Zur Erinnerung und als Exzerpt der Titelgeschichte dieser Ausgabe: Es geht darum, dass Michael Kloibmüller, der Kabinettschef der ÖVP-Innenministerin, Druck auf den Generaldirektor der Telekom – eines Unternehmens mit Staatsbeteiligung im Einflussbereich des ÖVP-geführten Finanzministeriums – ausgeübt haben soll, indem er diesem mit schwerwiegenden persönlichen Konsequenzen gedroht hat. Und zwar für den Fall, dass das Unternehmen die Verwicklungen des Lobbyisten, Waffenhändlers und Ehemanns der ÖVP-Politikerin Maria Rauch-Kallat, Alfons Mensdorff-Pouilly, in den Telekomskandal offensiv kommunizieren würde. Dieser Versuch politischer Vertuschung ist in einem profil vorliegenden ­Aktenvermerk der Telekom dokumentiert. Kloibmüller bestreitet den Sachverhalt.

Ein Kabinettschef ist freilich nicht irgendwer. Vielmehr ist er einer der wichtigsten Mitarbeiter eines Ministeriums und im Innenministerium noch ein wenig mehr: Kloibmüller ist eine der mächtigsten Personen der Republik, da ihm im Wege seiner Chefin der gesamte Polizeiapparat des Landes untersteht.

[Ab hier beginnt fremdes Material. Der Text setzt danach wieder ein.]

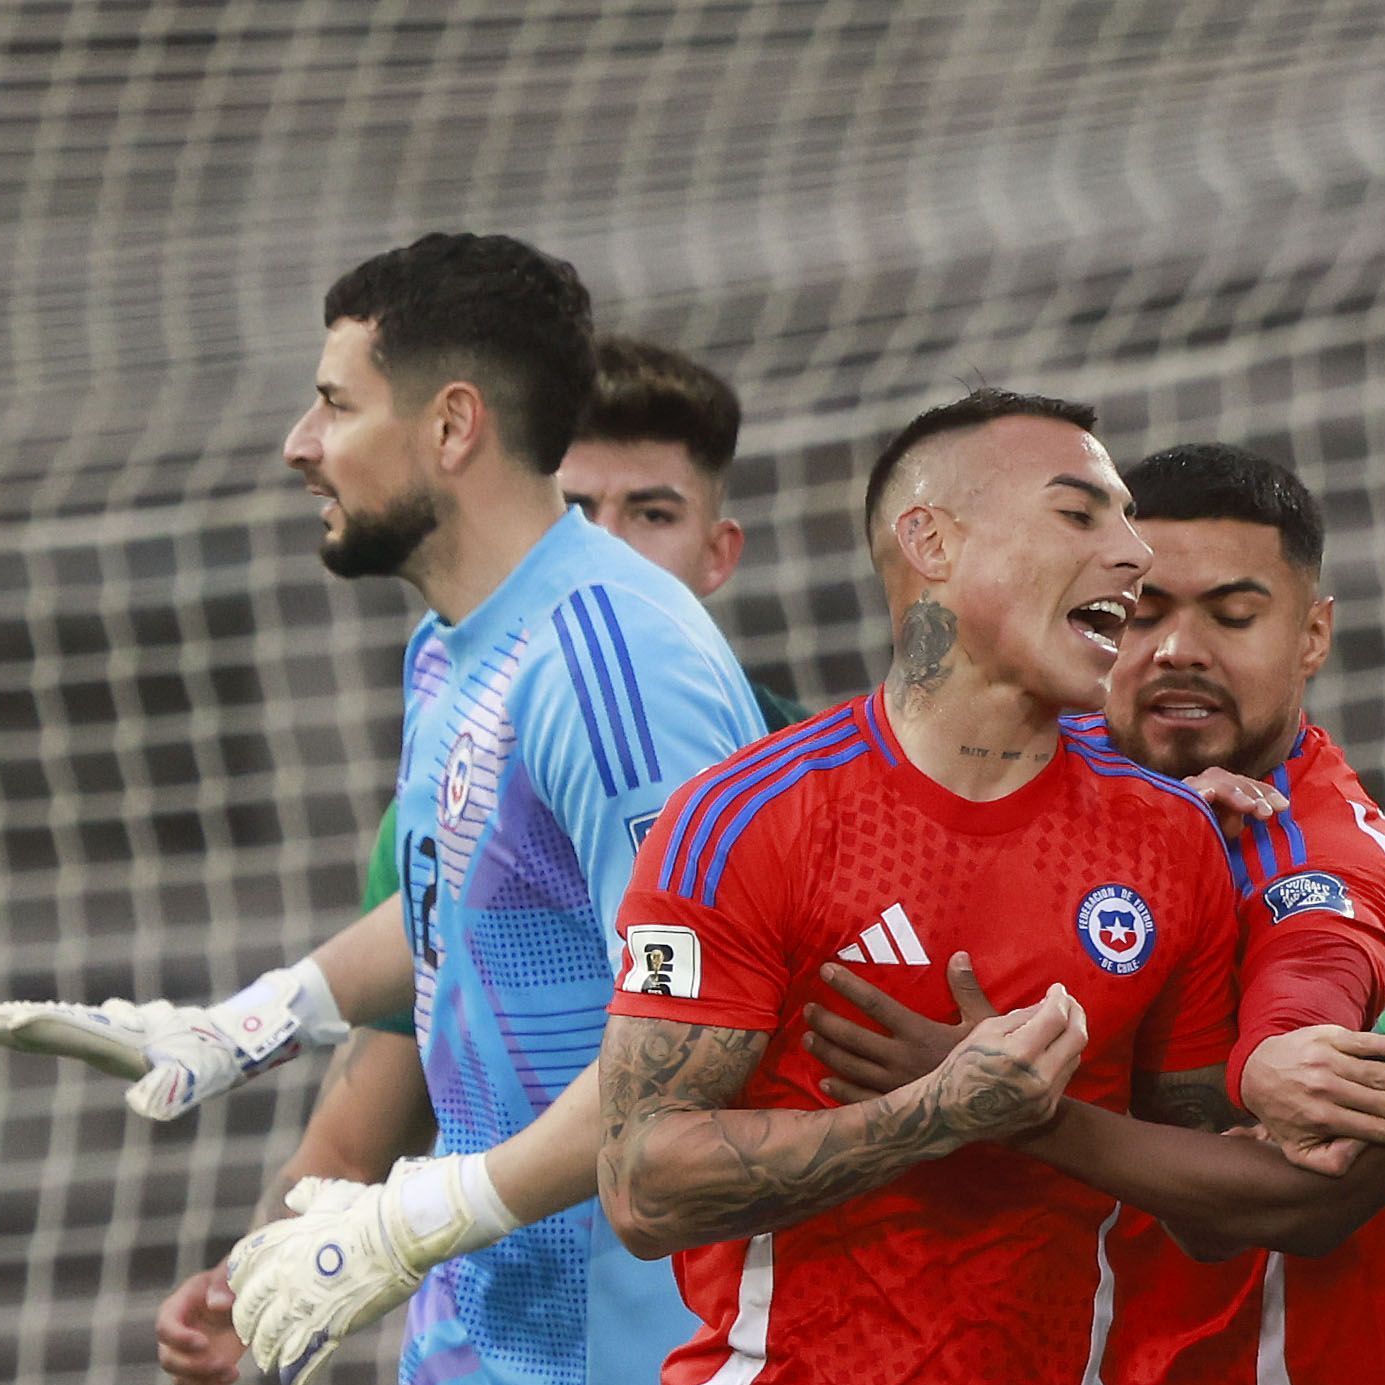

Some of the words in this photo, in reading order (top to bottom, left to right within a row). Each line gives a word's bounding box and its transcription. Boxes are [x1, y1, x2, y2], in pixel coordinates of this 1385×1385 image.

[1078, 887, 1116, 930] FEDERACION
[1120, 888, 1134, 901] DE
[1101, 959, 1114, 971] DE

Was zum unmittelbaren Anlass für diese Titelgeschichte führt: Die Staatsanwaltschaft ermittelt nun gegen Kloibmüller wegen Amtsmissbrauchs und Geheimnisverrats. Der Verdacht: Er soll in Untersuchungen rund um die Telekomaffäre eingegriffen und Ermittlungsergebnisse an Beschuldigte verraten haben. Kloibmüller bestreitet die Vorwürfe.

Und heikel daran ist wiederum besonders: Die Untersuchungen im Telekomskandal werden vom Bundesamt für Korruptionsbekämpfung (BAK) geführt, das im Innenministerium angesiedelt ist. Das würde bedeuten: Das Innenministerium hintertreibt selbst Untersuchungen des Innenministeriums, die als Grundlage für weitere Schritte des Justizministeriums dienen sollten. Die Exekutive hebelt also die Judikative und damit die Bundesverfassung aus.

Wegen dieses Verdachts wird nun also das Justizministerium in Gestalt der Staatsanwaltschaft (einmal mehr auch das BAK) tätig. Die Staatsanwaltschaft ist freilich der Justizministerin weisungsgebunden. Und das bedeutet: Nun muss die ÖVP-Justiziministerin gegen die ÖVP-Innenministerin (in Person ihres Kabinettschefs) tätig werden – und das mithilfe des BAK, das der Innenministerin zugeordnet ist. Die Innenministerin aber hat die Ermittlungen gegen ihren Mitarbeiter am Donnerstag der Vorwoche mit den Worten „unerträglich und eine Schande“ kommentiert – womit Johanna Mikl-Leitner im Grunde über Beatrix Karl (und ihr eigenes BAK) befunden hat.

Wer glaubt, dass Gewaltentrennung und Rechtsstaat hier noch funktionieren können?

Wikipedia definiert Komplott so: Es ist entweder die Verabredung zu einem Verbrechen, oder es ist die Verabredung zu einer nicht strafbaren, aber moralisch verwerflichen Handlung. Für ein Komplott auf Regierungsebene finden sich neben dem Wort Staatskomplott noch deutlich schärfere Bezeichnungen.